Recent years have brought new therapies for patients with kidney cancer, and with even more advancements on the horizon, “it’s a time of hope for patients,” explained Dr. Toni Choueiri.
In an interview at the 2023 Kidney Cancer Research Summit (KCRS), Choueiri, director of the Lank Center for Genitourinary Oncology, medical director of International Strategic Initiatives at the Dana-Farber Cancer Institute and Jerome and Nancy Kohlberg Professor of Medicine at Harvard Medical School, recently discussed the exciting new updates for patients with renal cell carcinoma (RCC).
Choueiri mentioned the advent of PD-1, VEGF and CTLA3 inhibitors — types drugs that block proteins that aid in the survival of cancer cells — continues to evolve, while new drugs and combinations continue to be explored.

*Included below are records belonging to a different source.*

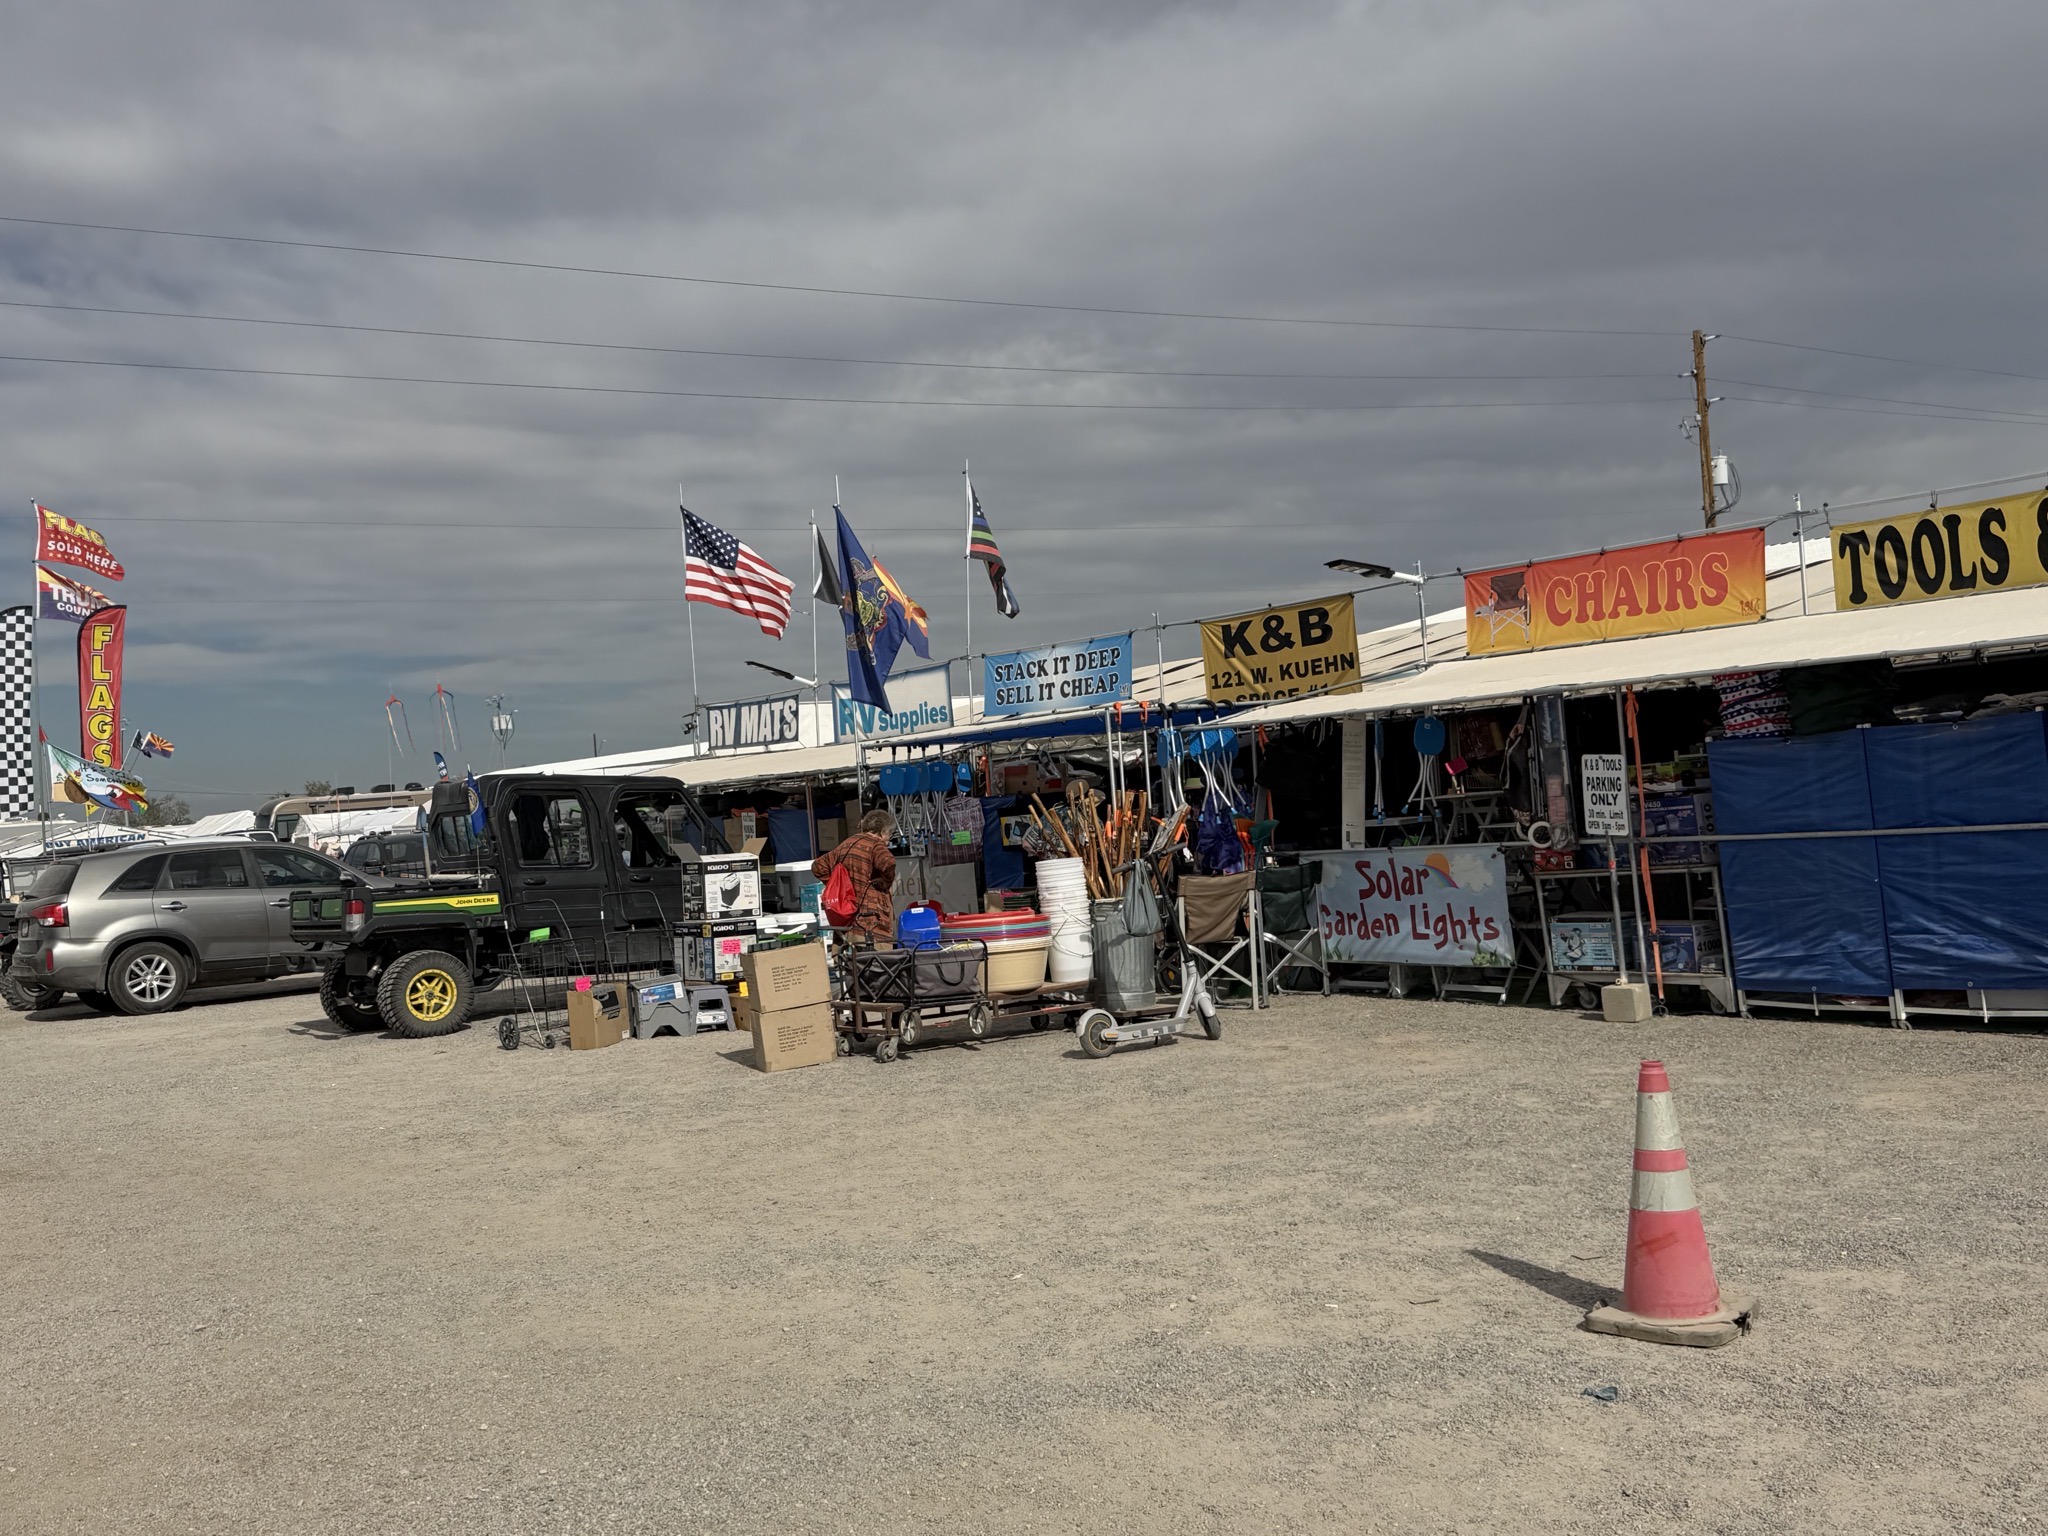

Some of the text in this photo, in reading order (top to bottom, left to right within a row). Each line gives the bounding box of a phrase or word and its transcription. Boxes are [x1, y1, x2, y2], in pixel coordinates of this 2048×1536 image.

[47, 540, 119, 570] SOLD HERE
[1839, 507, 2010, 604] TOOLS
[48, 583, 110, 608] TRUM
[1544, 552, 1728, 627] CHAIRS
[57, 602, 95, 616] COUN
[1221, 606, 1334, 660] K&B
[994, 647, 1121, 683] STACK IT DEEP
[1211, 652, 1355, 690] 121 W. KUEHN
[86, 624, 114, 768] FLAGS
[996, 685, 1034, 706] SELL
[1038, 682, 1055, 702] IT
[1060, 672, 1120, 699] CHEAP
[709, 698, 798, 748] RV MATS
[838, 697, 876, 737] RV
[1584, 759, 1622, 771] K & B TOOLS
[1586, 776, 1622, 792] PARKING
[1590, 793, 1618, 806] ONLY
[1588, 809, 1594, 818] 30
[1609, 810, 1624, 819] Limit
[1588, 821, 1600, 830] OPEN
[1355, 857, 1430, 901] Solar
[1320, 902, 1501, 950] Garden Lights

“So I think this is a great time for investigators in kidney cancer, it's a time of hope for patients, there is no doubt it's a time of hope for patients,” Choueiri said.
You know, I think if you go five years before the PD-1, VEGF, that in combination, CTLA3 are important. It's becoming, you know, I wouldn't say mundane, but it's evolving. But actually, new targets are exciting. If two inhibitors are coming, we're planning a lot of studies, not just with (Welireg [belzutifan]), which is ahead, but certainly with other drugs. We're seeing CAR-T cells and cellular therapy and TILs in … renal cell cancer. There is, as I was saying, and emergence of antibody drug conjugates, and there is a deep knowledge that is evolving by the day about the biology of clear cell RCC as well as multiple variant histologies (that) are seen.

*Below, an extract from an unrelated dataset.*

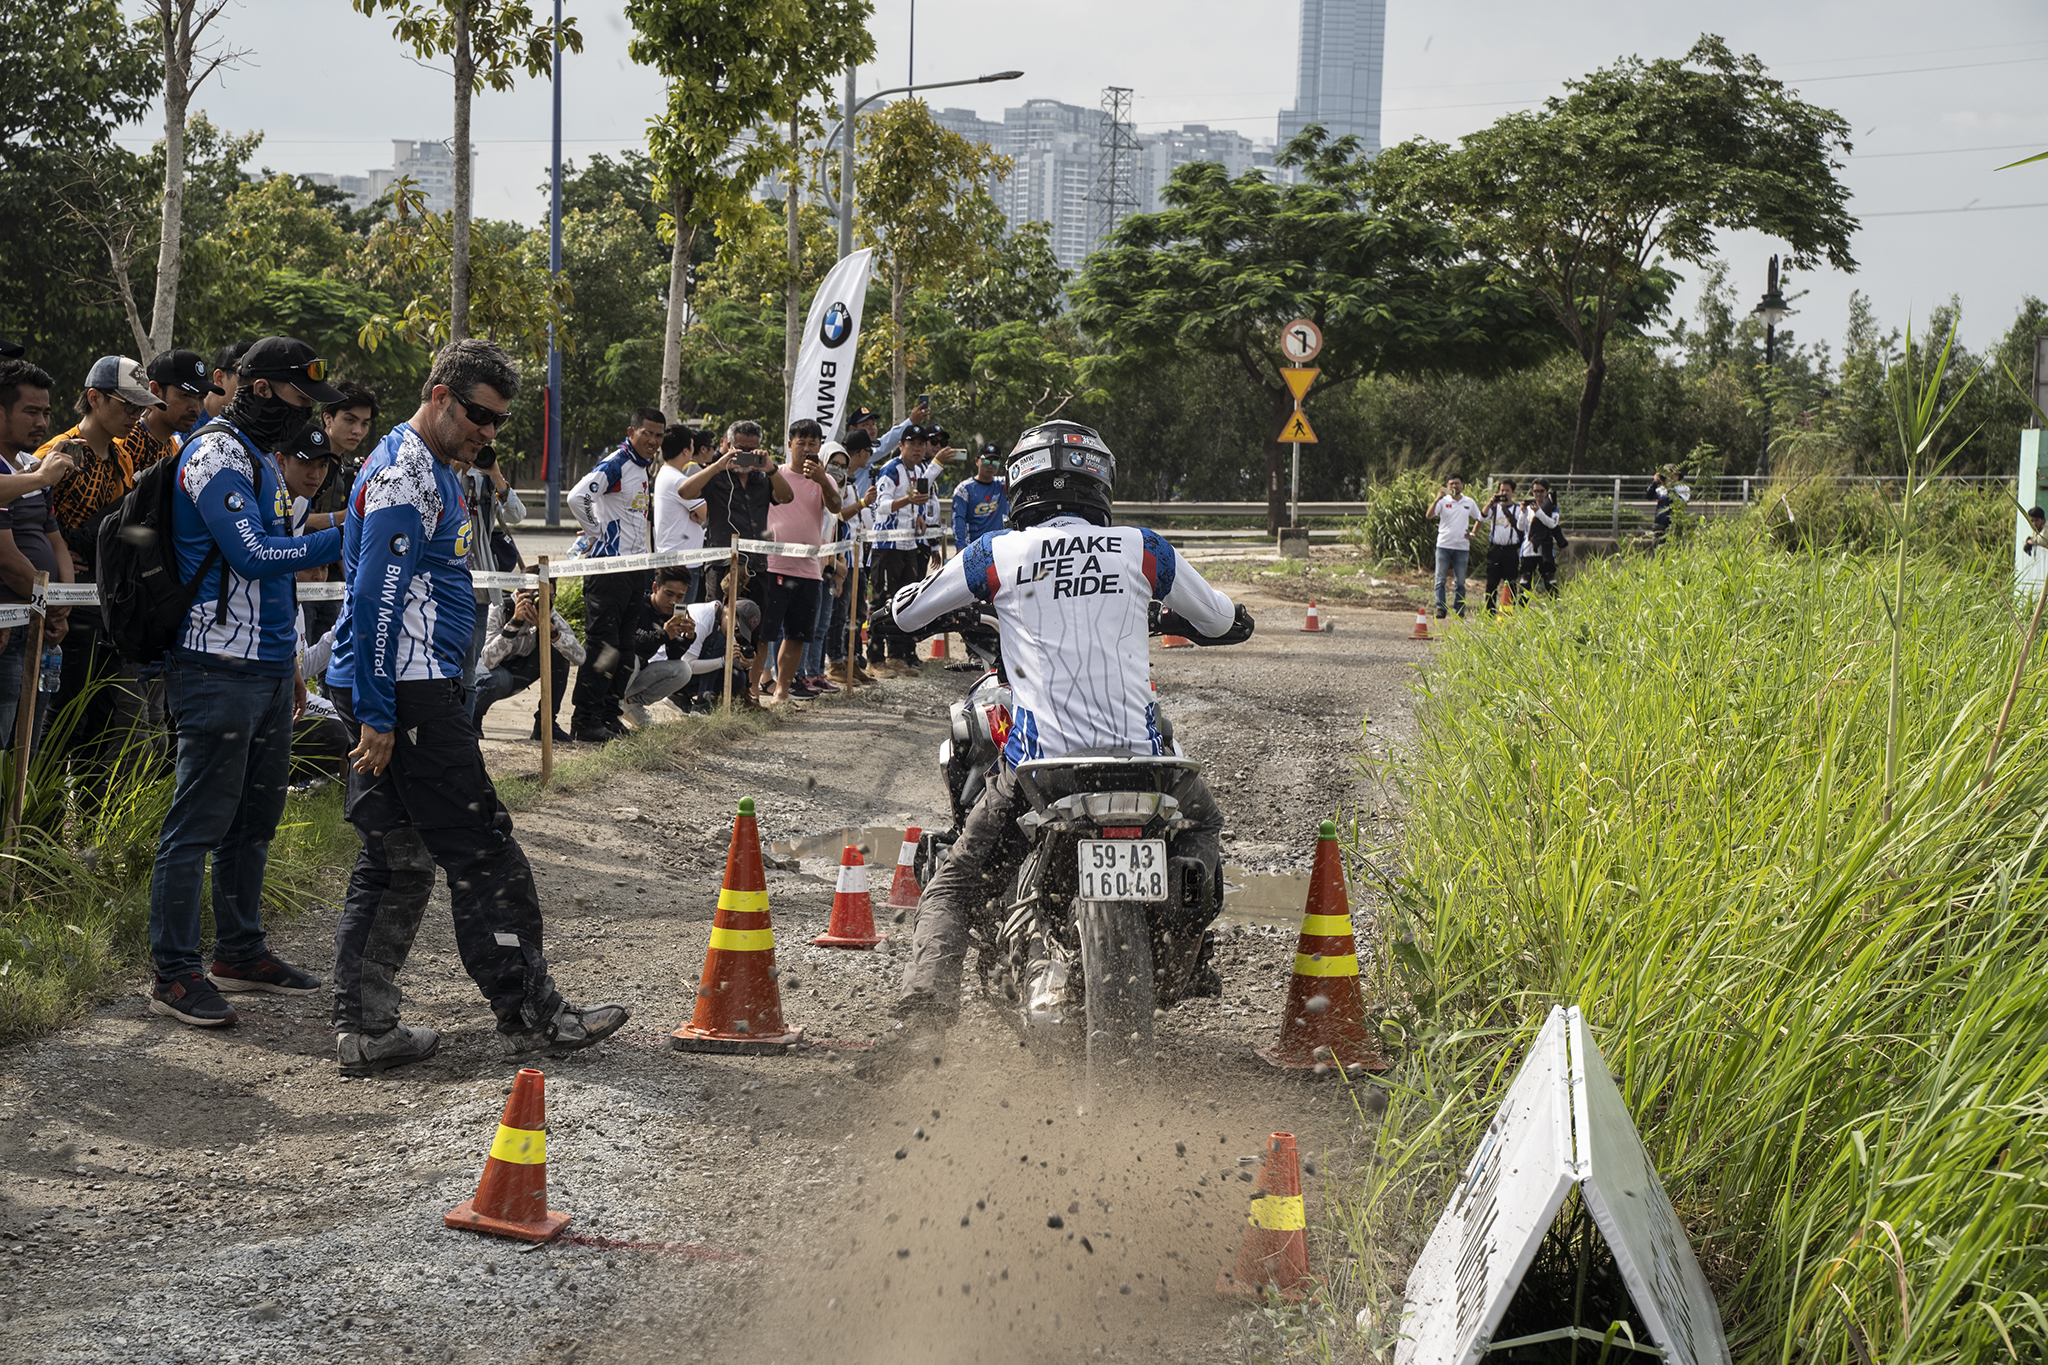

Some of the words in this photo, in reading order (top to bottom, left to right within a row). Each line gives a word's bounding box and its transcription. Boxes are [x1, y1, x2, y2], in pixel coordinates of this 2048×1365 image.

(There is) no doubt in my mind (that this) can lead to trials, and then we have to see what they show. I mean, it's so beautiful (to see) data about translocation chromophobe in renal cell cancer. So I think this is a great time for investigators in kidney cancer, it's a time of hope for patients, there is no doubt it's a time of hope for patients.
If you look at metastatic RCC patient survival, it's over five years now, and hopefully more to come. We can’t stop yet and important meetings like this like a KCRS meeting with KidneyCan are going to lead us to more collaboration, and more hope to cure this disease.